The Theosophical Forum – December 1939

KNOWLEDGE WITHIN YOUR REACH — H. T. Edge

Our path in life is mostly determined by what we call chance or accident. But if laws of cause and effect are universal, there can be no such thing as chance or accident. True, we may use such words for convenience, to denote events whose cause we cannot trace; but chance in the real sense of the word would mean an effect without a cause, which is impossible by the hypothesis.

Hence we must accept the conclusion that even the most casual events come under the general law of causation; and we dare not take refuge in the argument that, because we cannot explain a thing, therefore it does not exist.

If I toss a coin to decide which of two things to do, it is usually said that I am leaving the decision to chance. But what can this mean? What is it that determines whether the coin will show heads or tails? The same with cards and many other such things. Divination is based on this. Those who practised divination knew that the fall of the cards, etc., was not due to mere chance, but that it was governed by law.
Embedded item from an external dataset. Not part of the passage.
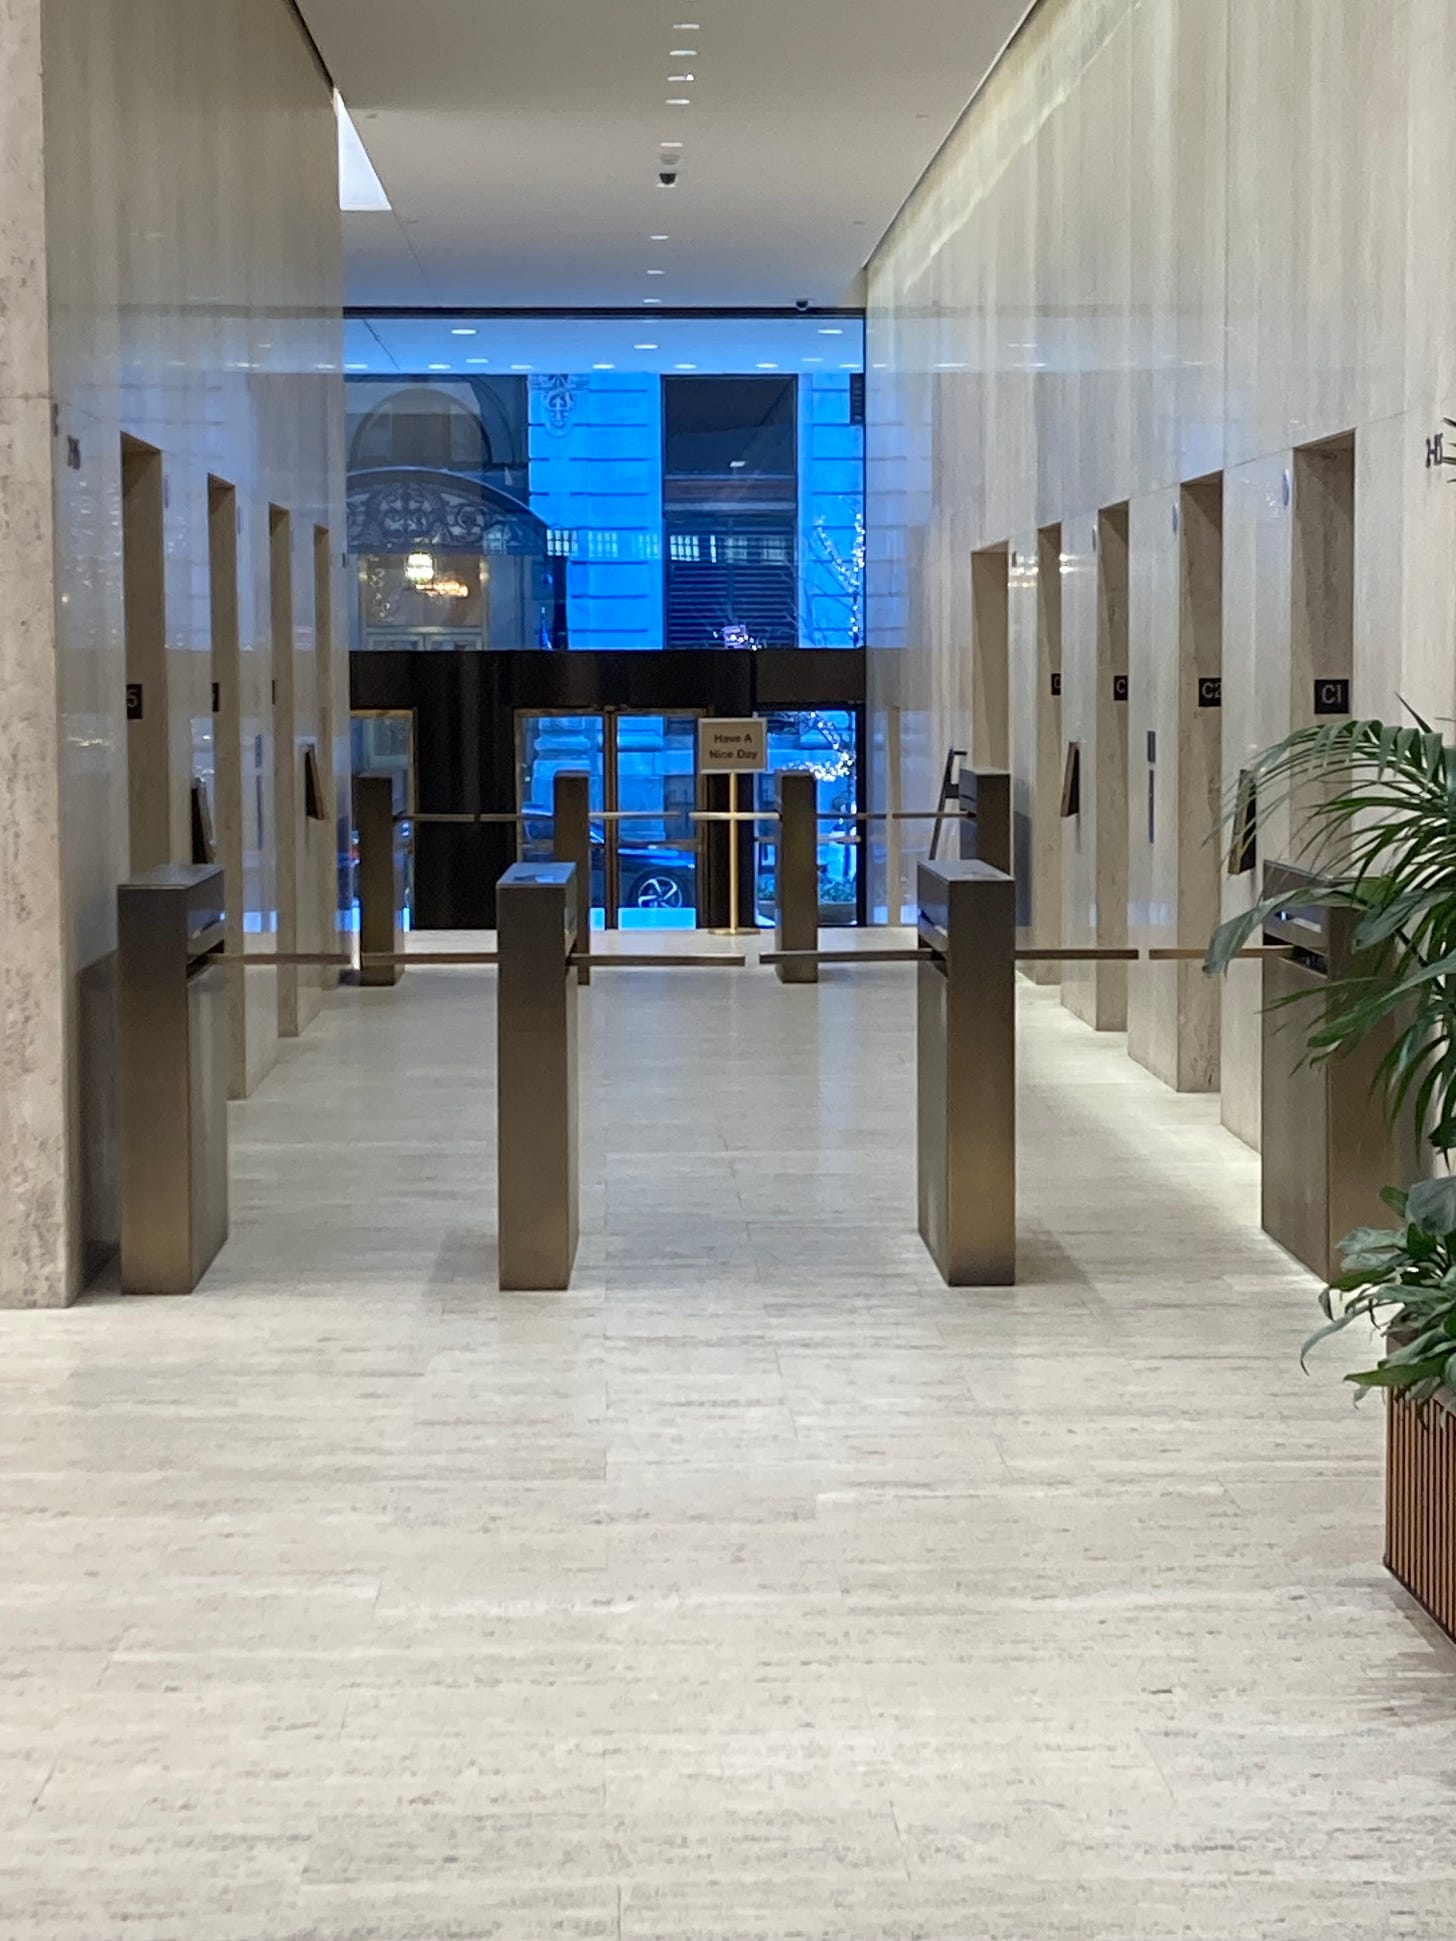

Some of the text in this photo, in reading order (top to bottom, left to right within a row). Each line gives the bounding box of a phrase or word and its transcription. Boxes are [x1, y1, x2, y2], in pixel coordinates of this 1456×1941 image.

There is a whole universe of unexplored territory here waiting investigation. We do not discern the connexion between events: events seem to us like physical atoms, separated from one another by empty space. Yet we know the atoms can act on one another, so our idea of the empty space must be wrong.

Scientific discovery is continually extending the range of our knowledge respecting the connexions between things: the connexion between sanitation and epidemic disease, between mental habits and insanity, between what goes on on the sun and what goes on on the earth, between what the moon does and what the fishes do, and so on. And where or why should we set a limit? The possible cannot be made to end just at the point where our knowledge at any given date leaves off. Astrologers know the connexion between planetary positions and terrestrial events, between a natal figure and a character. What is an omen but an indication which someone has been able to read, and based on one of these invisible and unexplored connexions?

It has been said of modern science that it is after all but a very narrow selection of subjects for investigation, affording at every point clues that lead off in every direction, but the vast majority of which are ignored because they would conduct the investigator off the beaten track. It is not very likely that the science of the ancients would follow the selfsame beaten track. They probably followed up other clues and discovered things in Nature of which we have not obtained so much as a glimpse. For what is Nature to us but just so much of the world as we are able to see? How very much more there may be that we cannot see. There may be other planes, but before we begin soaring to them, why not learn a little more about the one we are on? All this seems to show that knowledge has not much to do with book-learning, and that it is the height of folly to pay fees to someone who offers to teach us, and that the gates of infinite knowledge lie open to anyone who can find in himself the keys to unlock them.